Dosho Port says one can find two perspectives on enlightenment. Some say that enlightenment is absolute; seamless and unobstructed clarity. But others describe it as relative; always, something remains hidden. Which perspective is correct? Well, I suspect they  both are.

However, being stuck in one side or the other can be a problem. Systems that emphasize the absolute view "tend to have a lot of heat in their practice and a propensity for arrogant teachers and dependent students." But when the absolute view is forgotten, practice gets flabby.

"Here a controlling metaphor is '...the community is the teacher,' or 'Zen without Zen teachers,' " Dosho writes. "The leadership vacuum in such systems is often filled with meetings and consensus-oriented processes. And pseudo-practice."
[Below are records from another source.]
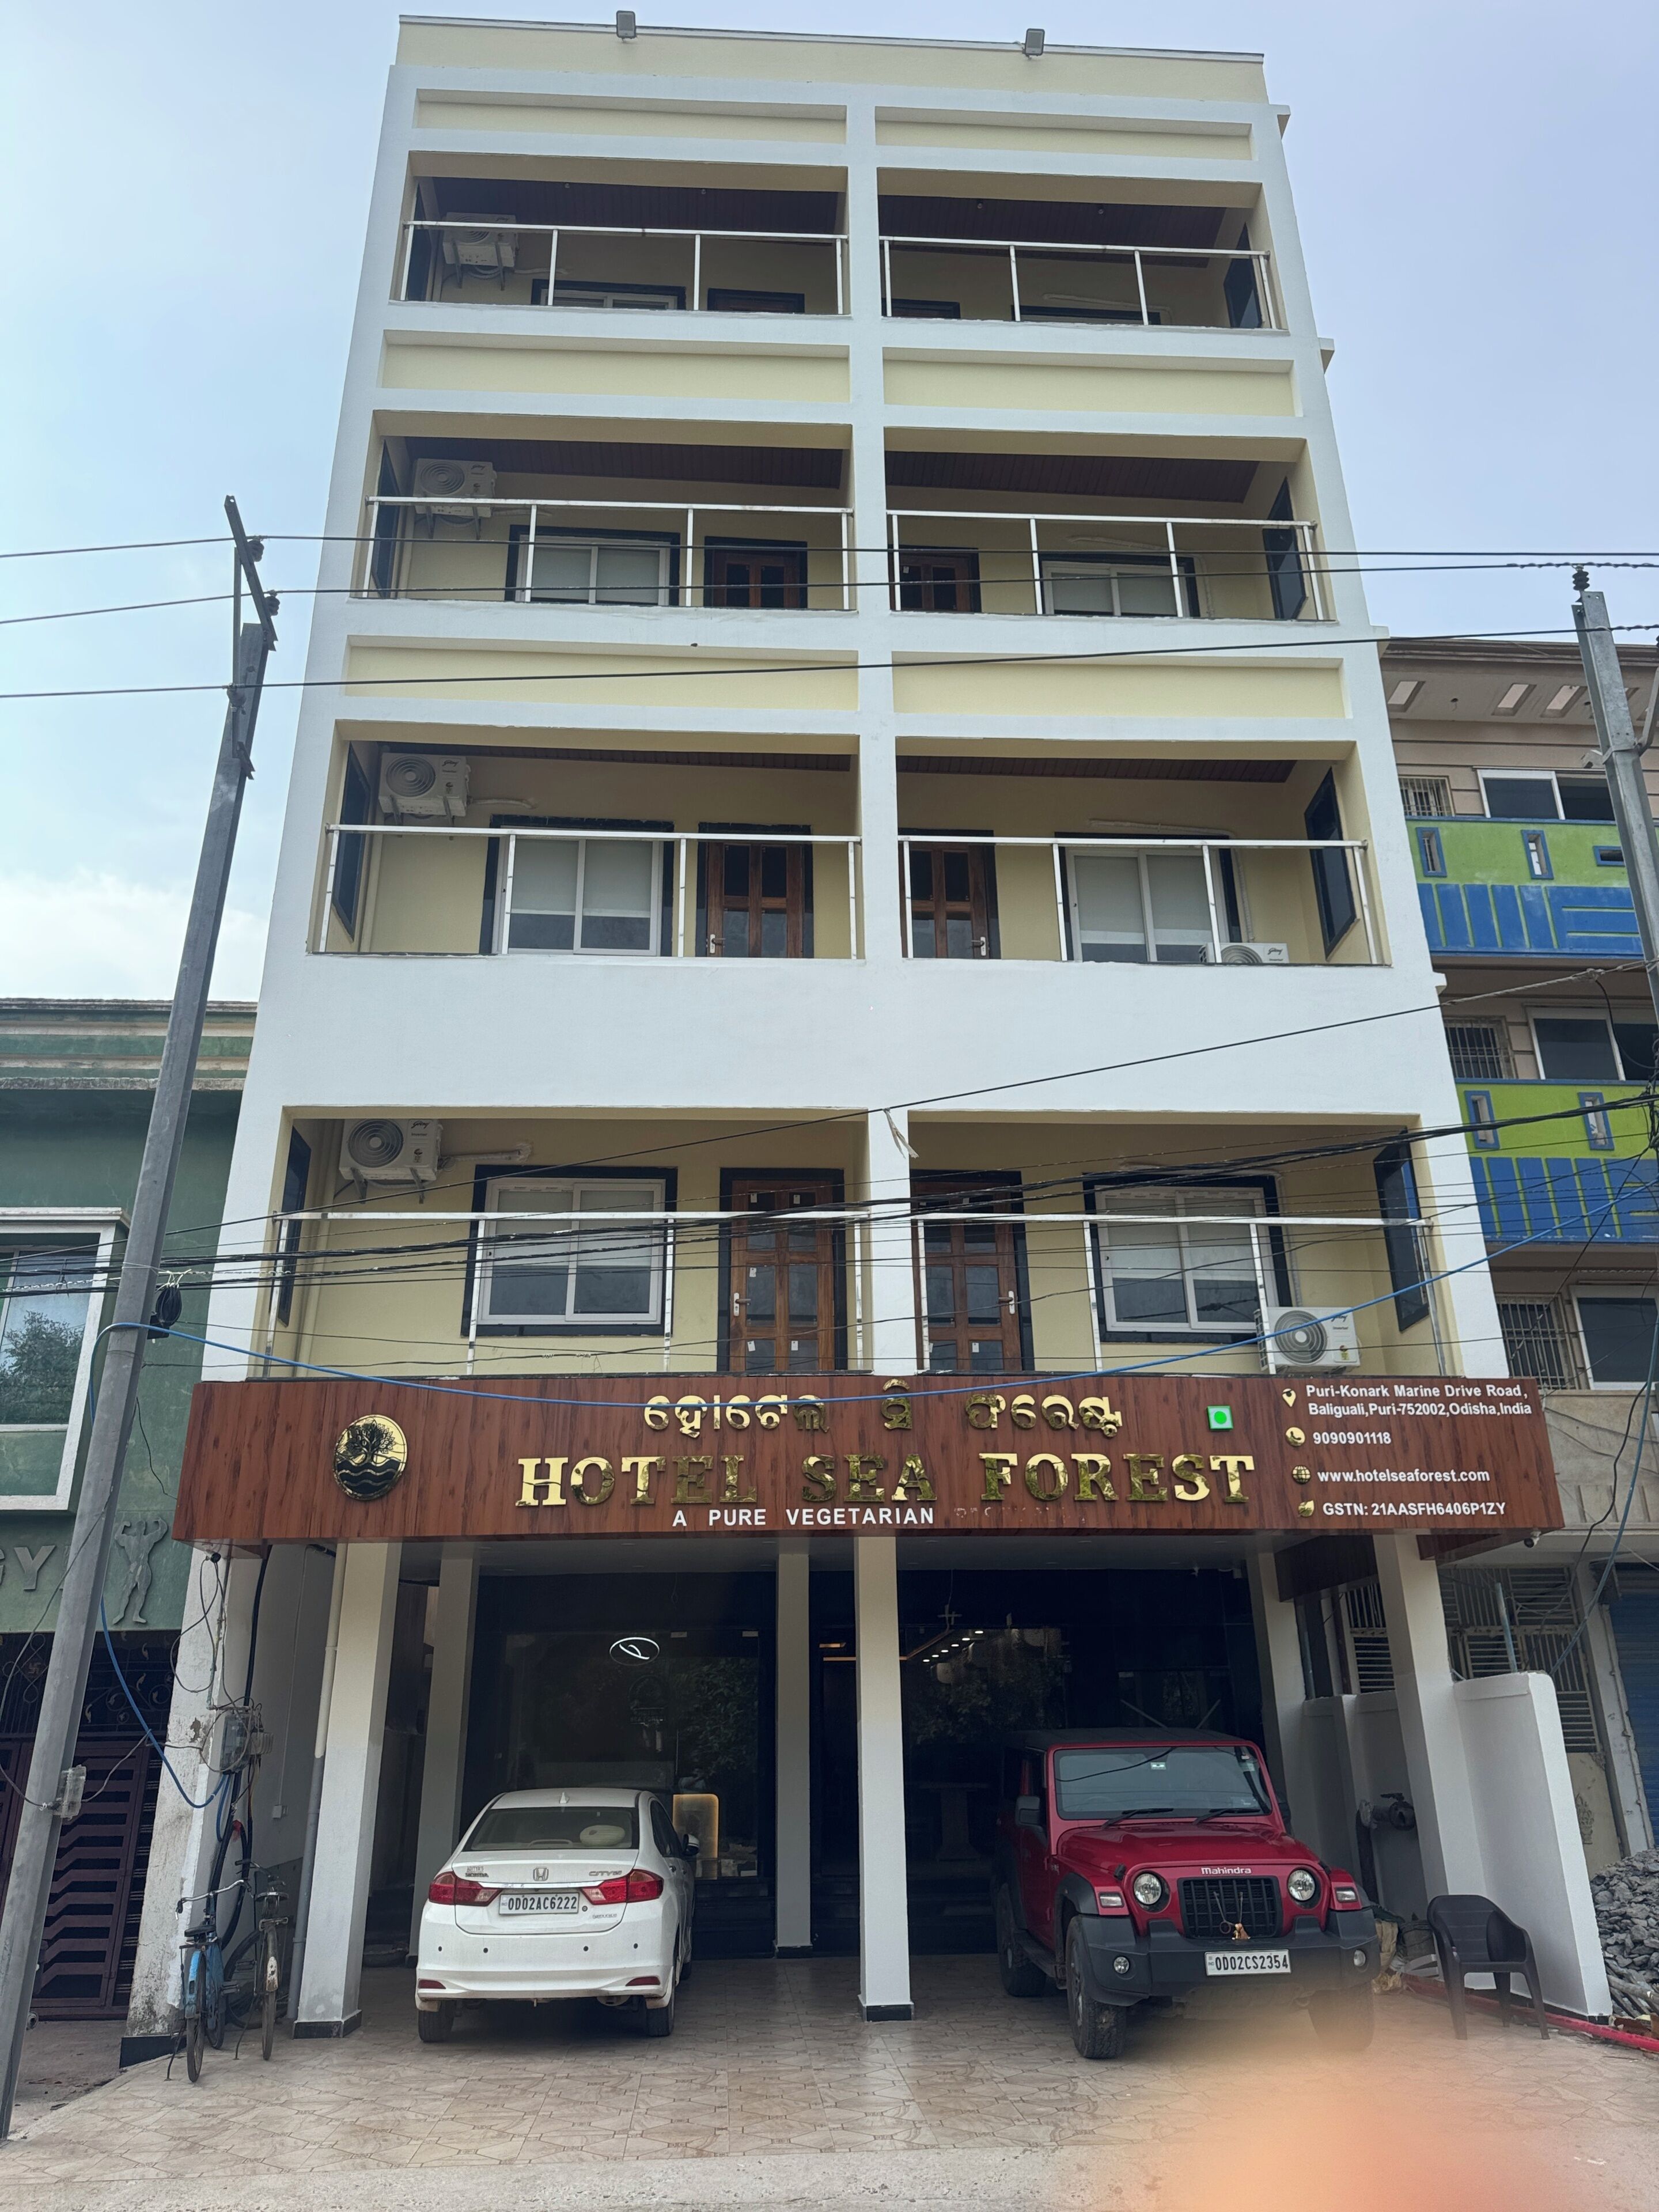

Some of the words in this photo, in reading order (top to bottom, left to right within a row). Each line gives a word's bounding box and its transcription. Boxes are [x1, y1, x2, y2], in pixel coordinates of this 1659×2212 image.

[1306, 1384, 1390, 1397] Puri-Konark
[1394, 1384, 1440, 1397] Marine
[1445, 1384, 1482, 1397] Drive
[644, 1394, 830, 1438] ହୋଟେଲ
[1313, 1431, 1392, 1445] 9090901118
[515, 1455, 757, 1506] HOTEL
[801, 1453, 938, 1502] SEA
[979, 1452, 1255, 1503] FOREST
[1317, 1468, 1490, 1482] www.hotelseaforest.com
[1323, 1502, 1369, 1516] GSTN:
[1371, 1502, 1506, 1516] 21AASFH6406P1ZY
[672, 1509, 687, 1527] A
[709, 1508, 767, 1527] PURE
[786, 1506, 934, 1526] VEGETARIAN
In most traditions the senior teachers are a kind of benchmark. What is it? As long as the teacher is showing you what you don't know, you are challenged to keep on, to go deeper. Without that, it's too easy for one's ego to decide you're enlightened enough already.

At Buddhist Geeks, Kenneth Folk says "I would like to normalize enlightenment." Huh? Reading his essay, I thnk what he's saying is that enlightenment shouldn't be so intimidating. It's for everyone, not just "special" people.

Of course, a lot of Mahayana schools have said the same thing for centuries now. And whether what Folk calls "enlightenment" would be recognized as such in dokusan is another question, and one I cannot answer.

However, Folk seems to think people should judge for themselves whether they are enlightened or not, and I part company with him on that. Most of the time, such "enlightenment" is just a pretty projection. Dogen said, "Those who have great realization of delusion are buddhas; those who are greatly deluded about realization are sentient beings."

It may be that in some traditions enlightenment was reserved for the elite, but I think in the West we are likely to err on the side of making it too democratic; too much "whatever I want it to be."